What the exercise asks.
Each record must be copied in full and unchanged; any image it holds is excluded.

Saved entries
*** Begin section ***
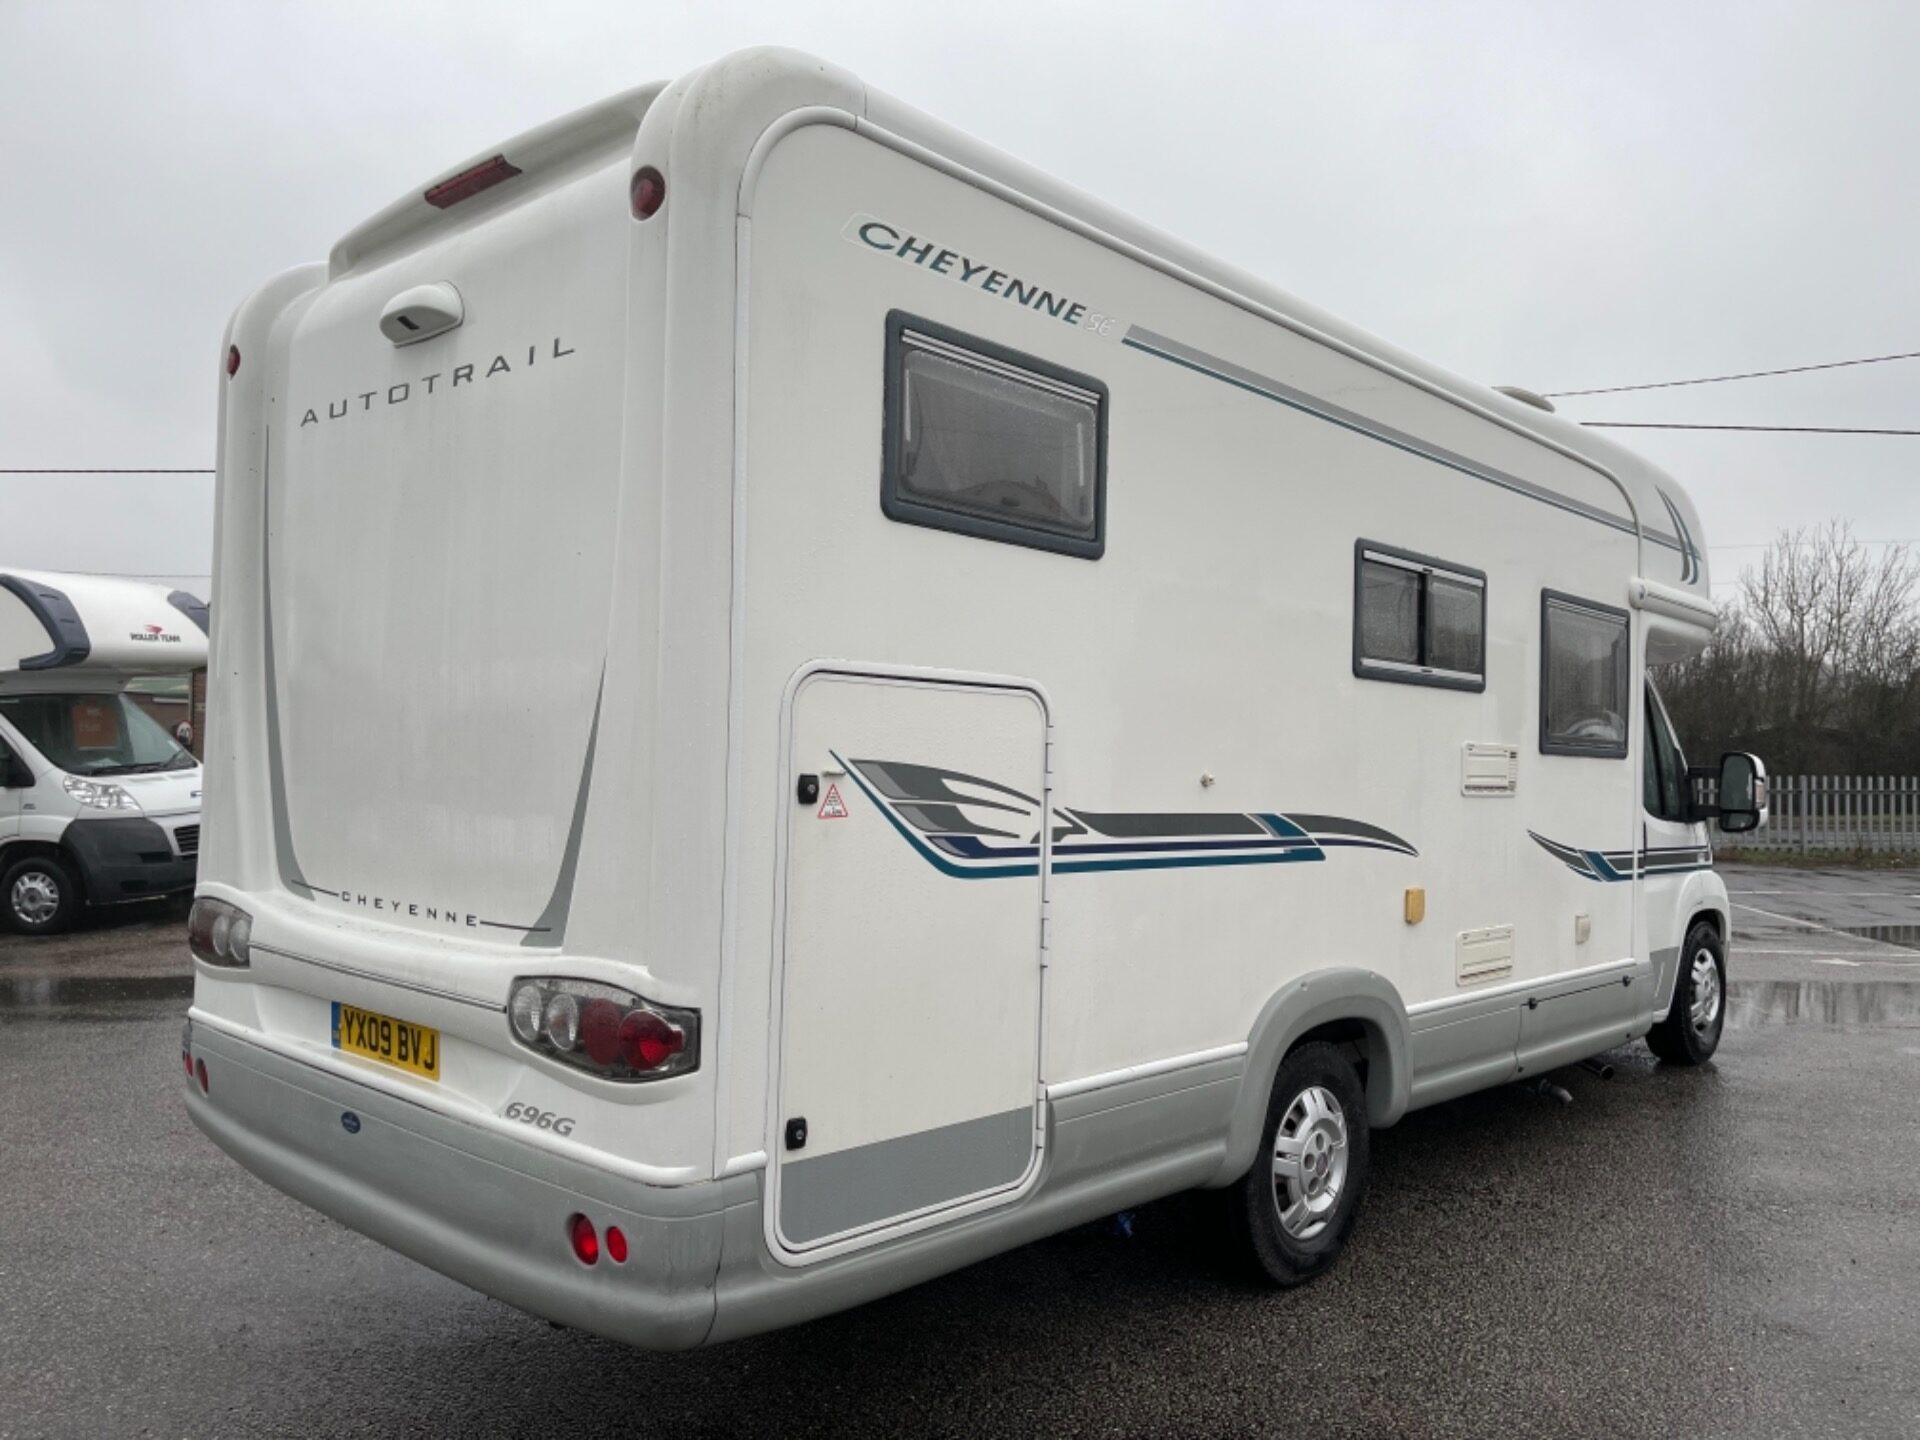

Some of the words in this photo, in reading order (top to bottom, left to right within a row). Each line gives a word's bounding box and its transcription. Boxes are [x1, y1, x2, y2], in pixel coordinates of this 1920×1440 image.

[858, 222, 1087, 325] CHEYENNE
[300, 337, 575, 427] AUTOTRAIL
[341, 891, 477, 926] CHEYENNE
[344, 1008, 391, 1055] YX09
[398, 1024, 435, 1071] BVJ
[505, 1101, 576, 1137] 696G
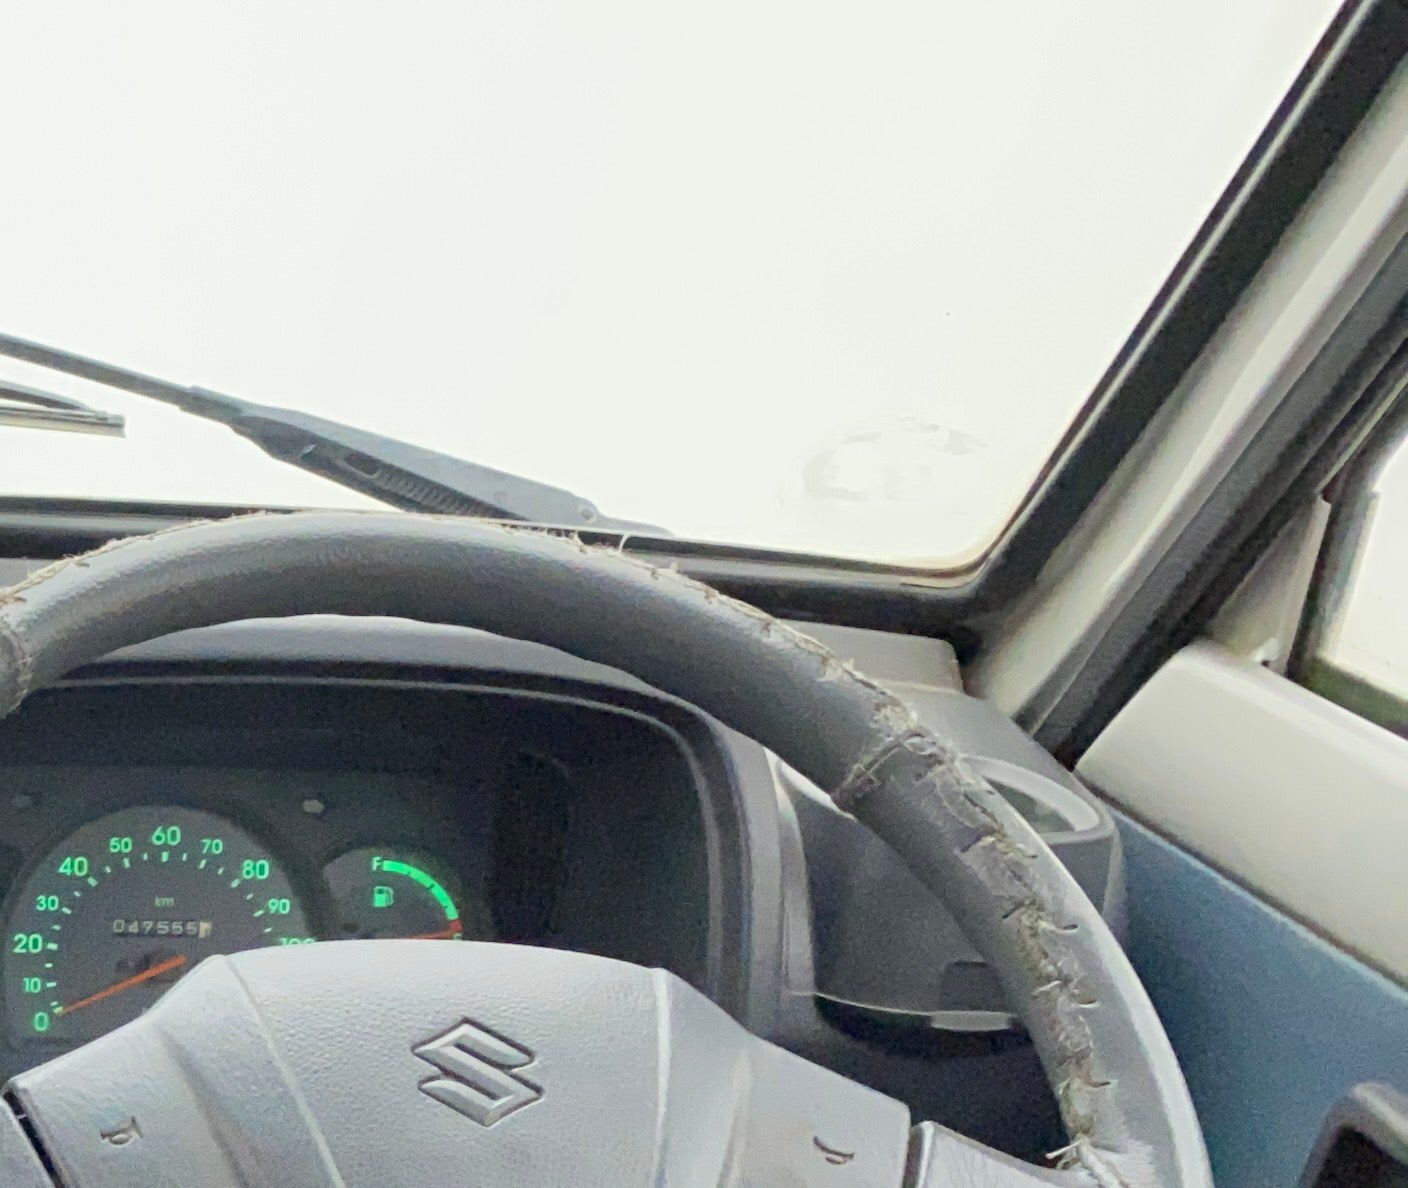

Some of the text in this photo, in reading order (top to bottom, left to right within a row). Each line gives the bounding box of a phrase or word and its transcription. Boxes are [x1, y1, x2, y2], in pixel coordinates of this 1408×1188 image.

[151, 826, 182, 846] 60
[108, 837, 133, 853] 50
[200, 839, 224, 855] 70
[58, 856, 89, 876] 40
[242, 859, 270, 880] 80
[371, 856, 382, 871] F
[35, 895, 60, 911] 30
[154, 896, 175, 907] km
[267, 898, 291, 914] 90
[12, 933, 43, 954] 20
[22, 977, 42, 993] 10
[32, 1012, 50, 1032] 0
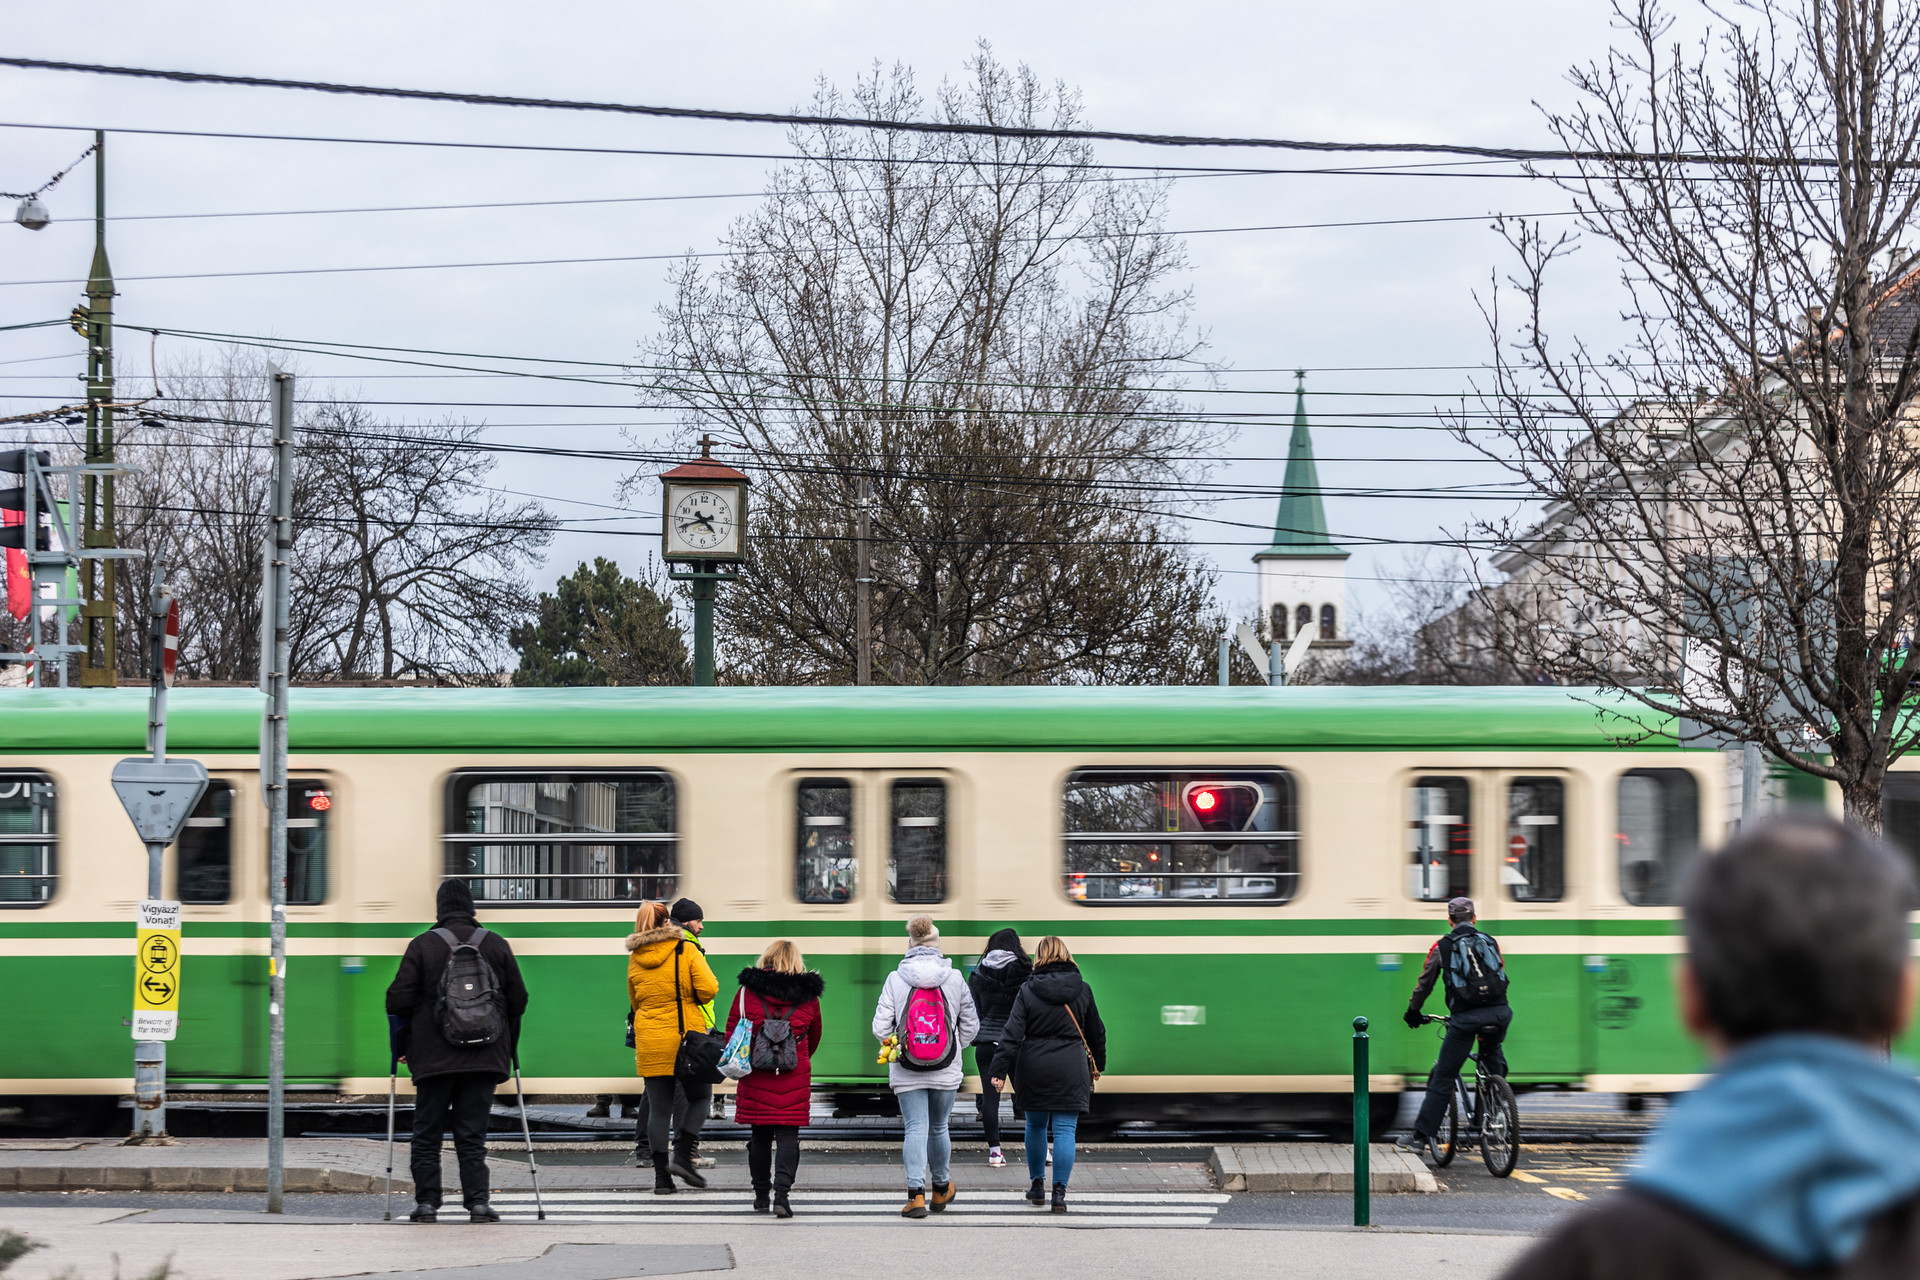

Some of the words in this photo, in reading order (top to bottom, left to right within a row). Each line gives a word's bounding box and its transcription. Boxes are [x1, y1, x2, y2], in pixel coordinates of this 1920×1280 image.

[142, 904, 179, 915] Vigyázz!
[145, 916, 176, 925] Vonat!
[914, 1035, 940, 1044] PUMA
*** End section ***
Answer for this exercise.
Some of the words in this photo, in reading order (top to bottom, left to right within a row). Each line gives a word's bounding box and its transcription. Boxes are [x1, y1, x2, y2], in pixel coordinates of this 1920×1440 image.

[858, 222, 1087, 325] CHEYENNE
[300, 337, 575, 427] AUTOTRAIL
[341, 891, 477, 926] CHEYENNE
[344, 1008, 391, 1055] YX09
[398, 1024, 435, 1071] BVJ
[505, 1101, 576, 1137] 696G

Some of the text in this photo, in reading order (top to bottom, left to right within a row). Each line gives the bounding box of a phrase or word and its transcription. Boxes are [x1, y1, x2, y2], in pixel coordinates of this 1408×1188 image.

[151, 826, 182, 846] 60
[108, 837, 133, 853] 50
[200, 839, 224, 855] 70
[58, 856, 89, 876] 40
[242, 859, 270, 880] 80
[371, 856, 382, 871] F
[35, 895, 60, 911] 30
[154, 896, 175, 907] km
[267, 898, 291, 914] 90
[12, 933, 43, 954] 20
[22, 977, 42, 993] 10
[32, 1012, 50, 1032] 0

Some of the words in this photo, in reading order (top to bottom, left to right within a row). Each line gives a word's bounding box and its transcription. Boxes are [x1, y1, x2, y2], in pixel coordinates of this 1920×1280 image.

[142, 904, 179, 915] Vigyázz!
[145, 916, 176, 925] Vonat!
[914, 1035, 940, 1044] PUMA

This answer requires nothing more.